(Saved entries)
*** Begin section ***

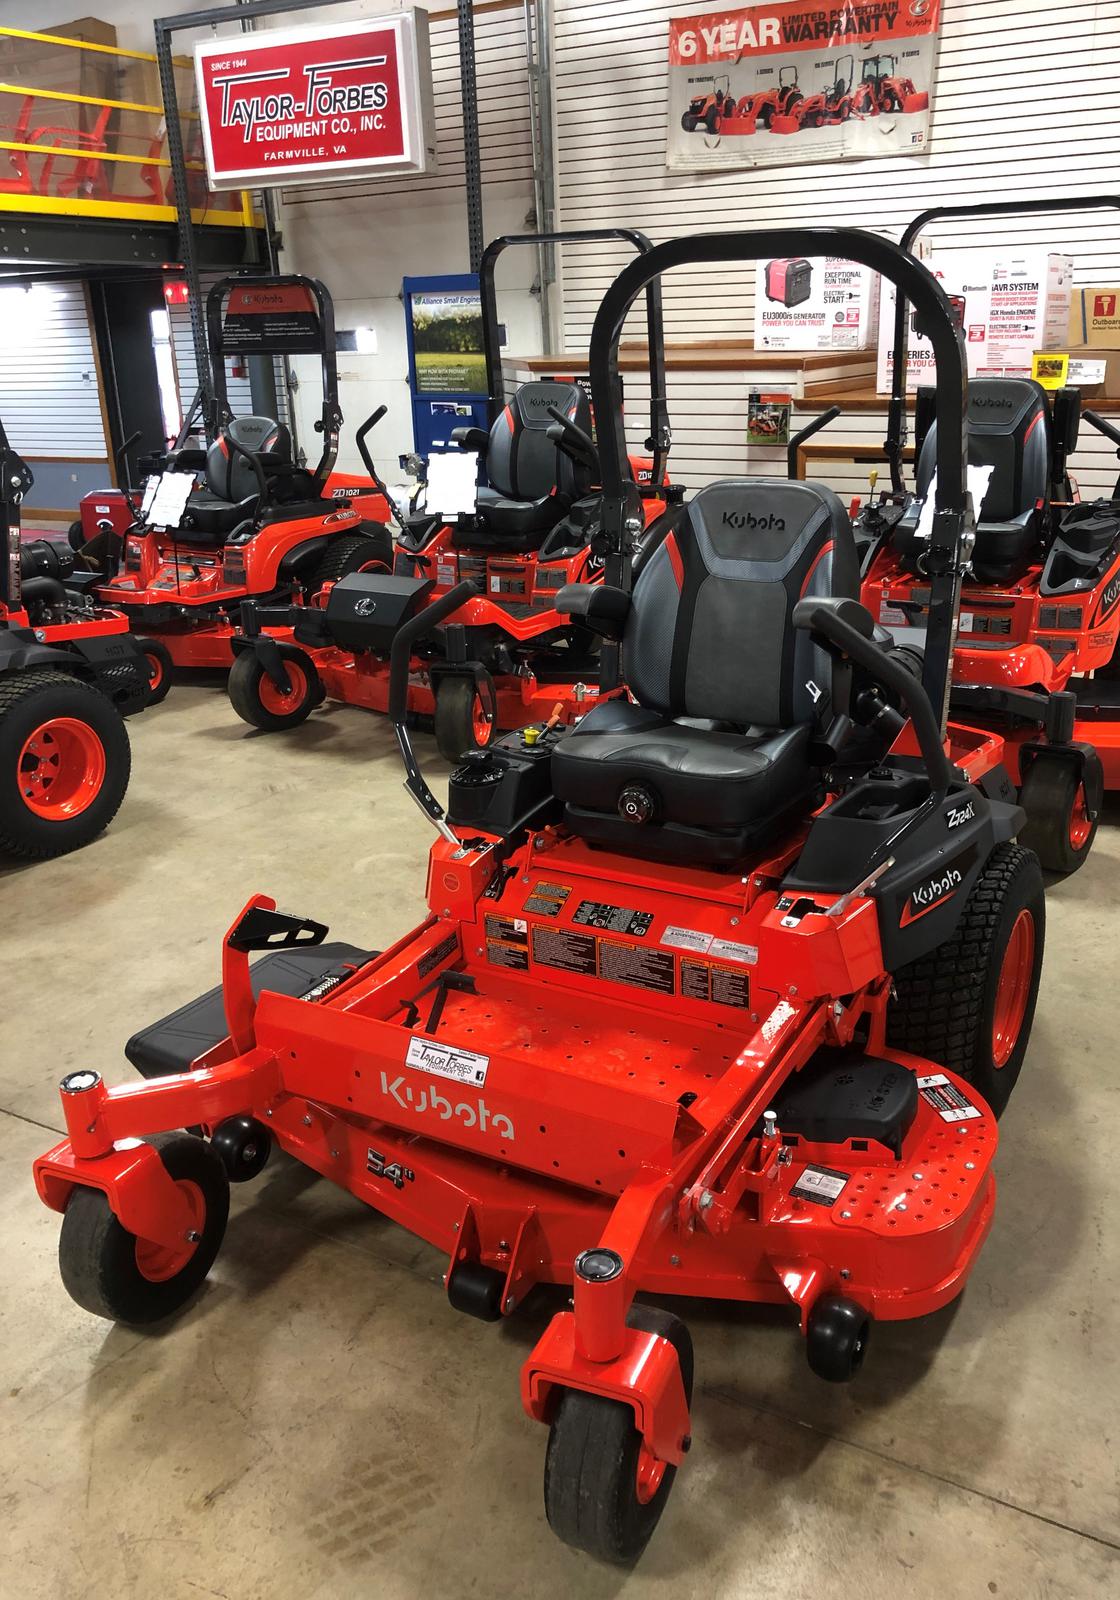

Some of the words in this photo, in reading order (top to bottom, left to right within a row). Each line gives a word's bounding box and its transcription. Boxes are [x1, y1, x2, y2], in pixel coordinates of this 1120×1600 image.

[782, 10, 825, 25] LIMITED
[830, 1, 899, 20] POWERTRAIN
[782, 11, 898, 43] WARRANTY
[678, 30, 697, 57] 6
[701, 17, 781, 55] YEAR
[210, 61, 231, 72] SINCE
[232, 58, 247, 69] 1944
[256, 119, 327, 142] EQUIPMENT
[331, 117, 357, 135] CO.,
[360, 115, 386, 132] INC.
[264, 147, 329, 161] FARMVILLE,
[333, 145, 347, 154] VA
[1009, 282, 1039, 291] SYSTEM
[422, 297, 443, 305] Alliance
[443, 296, 459, 304] Small
[824, 296, 845, 304] START
[794, 312, 826, 320] GENERATOR
[907, 350, 930, 359] ERIES
[913, 359, 927, 367] YOU
[928, 359, 936, 367] CA
[530, 398, 558, 407] Kubota
[972, 397, 1013, 408] Kubota
[722, 511, 786, 531] Kubota
[912, 869, 962, 905] Kubota
[420, 1044, 449, 1067] TAYLOR
[445, 1052, 477, 1075] FORBES
[380, 1070, 515, 1140] Kubota

*** End section ***

Activity:
Could you print the data exactly as it appears and keep the pictures out?

Final answer:
Some of the words in this photo, in reading order (top to bottom, left to right within a row). Each line gives a word's bounding box and its transcription. Boxes are [x1, y1, x2, y2], in pixel coordinates of this 1120×1600 image.

[782, 10, 825, 25] LIMITED
[830, 1, 899, 20] POWERTRAIN
[782, 11, 898, 43] WARRANTY
[678, 30, 697, 57] 6
[701, 17, 781, 55] YEAR
[210, 61, 231, 72] SINCE
[232, 58, 247, 69] 1944
[256, 119, 327, 142] EQUIPMENT
[331, 117, 357, 135] CO.,
[360, 115, 386, 132] INC.
[264, 147, 329, 161] FARMVILLE,
[333, 145, 347, 154] VA
[1009, 282, 1039, 291] SYSTEM
[422, 297, 443, 305] Alliance
[443, 296, 459, 304] Small
[824, 296, 845, 304] START
[794, 312, 826, 320] GENERATOR
[907, 350, 930, 359] ERIES
[913, 359, 927, 367] YOU
[928, 359, 936, 367] CA
[530, 398, 558, 407] Kubota
[972, 397, 1013, 408] Kubota
[722, 511, 786, 531] Kubota
[912, 869, 962, 905] Kubota
[420, 1044, 449, 1067] TAYLOR
[445, 1052, 477, 1075] FORBES
[380, 1070, 515, 1140] Kubota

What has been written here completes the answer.